At the time, the sketch enraged the media — one critic called the first episode “an artistic Chernobyl” — and drove away millions of Home Improvement viewers. In the documentary, Colbert recalls Carvey coming to work and apologizing to him and Carell, both unknowns plucked from obscurity at Second City in Chicago for their problematic big break. “I’ve ruined your careers,” he recalls Carvey saying.

But it’s not as though Carvey opted to play it safe after that. He and his staff continued to poke at ABC, implementing a running gag in which every episode was sponsored by a tacky corporation like Taco Bell or Mountain Dew, and then making fun of those sponsors mercilessly in sketches. When the network suggested toning down some of the more outré material, the writers reacted by passively-aggressively mocking the executives in bits like the Gentle News Network, in which the painter Bob Ross depicts the Menendez brothers in the midst of a bucolic mountain range. (“They killed their parents, but they’re friendly folk” is one of my favorite Dana Carvey Show jokes.)
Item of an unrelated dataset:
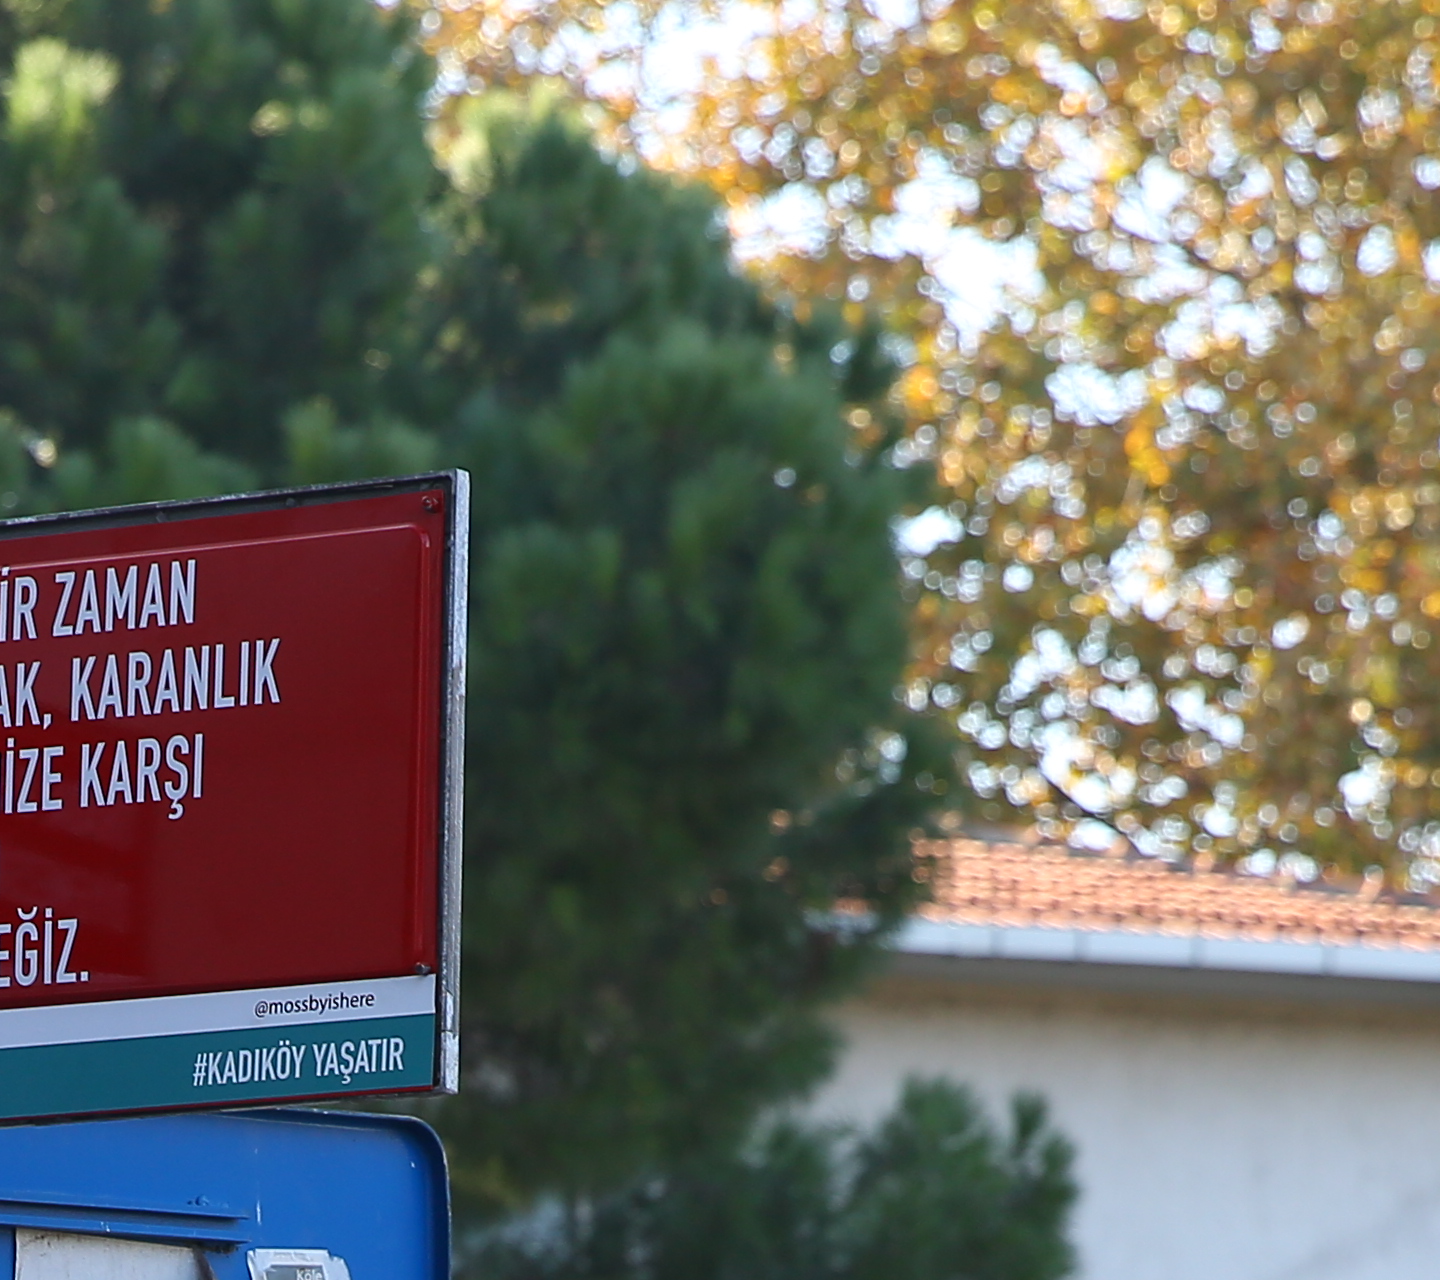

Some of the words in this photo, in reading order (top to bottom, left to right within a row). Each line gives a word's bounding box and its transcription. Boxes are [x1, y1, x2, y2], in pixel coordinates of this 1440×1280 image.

In Too Funny To Fail, Smigel is still remorseful decades later about the show’s early, fateful missteps, particularly since he was the one who talked Carvey out of taking the show to HBO, arguing that the show’s audience would be bigger on a network. In retrospect, The Dana Carvey Show seems like a natural for cable, where it might’ve slotted comfortably next to Mr. Show, whose reputation as a progenitor of alt-comedy is greater, even if it seems a little less bold than the show Carvey and Smigel created, given that the stakes were so much higher on ABC.

Revisiting the Clinton sketch now, it seems a little cheap and not particularly funny. But it does square with the subsequent tone of The Dana Carvey Show, which was as much about the “Can you believe this is on after Home Improvement?” subtext as it was about the text. The joke of the Clinton sketch is lame, but the thought of Tim Allen fans mistakenly watching this grotesquerie is pretty hilarious. In that respect, The Dana Carvey Show was genuinely ahead of its time — it was a comedy show about subverting the conventions of comedy shows, a milieu that’s become pervasive in the Tim & Eric/Adult Swim era.

Other sketches, however, still both discomfort me and make me laugh. Grandma The Clown, in which an elderly woman dressed in clown makeup struggles to entertain children, is a masterpiece of agonizing silences and slow-burn humiliation, “highlighted” by a pie being thrust into Grandma’ face with the speed of a slow-motion car accident.

Considering the subject matter, Too Funny To Fail is a little too straightforward, dispensing the story in the conventional journalistic style of a 60 Minutes report. And the failure to land interviews with Louis C.K. and Charlie Kaufman — the former was a pivotal guiding force, the latter was a nebbish outlier on the writing staff who later applied his meta genius to meta-genius films — makes the documentary feel a little incomplete. Nevertheless, Too Funny To Fail should be praised for reminding people that this wondrously bizarre show exists. In fact, the entire run of The Dana Carvey Show is on Hulu. Make sure to watch that first. The documentary is fun, but the show is essential.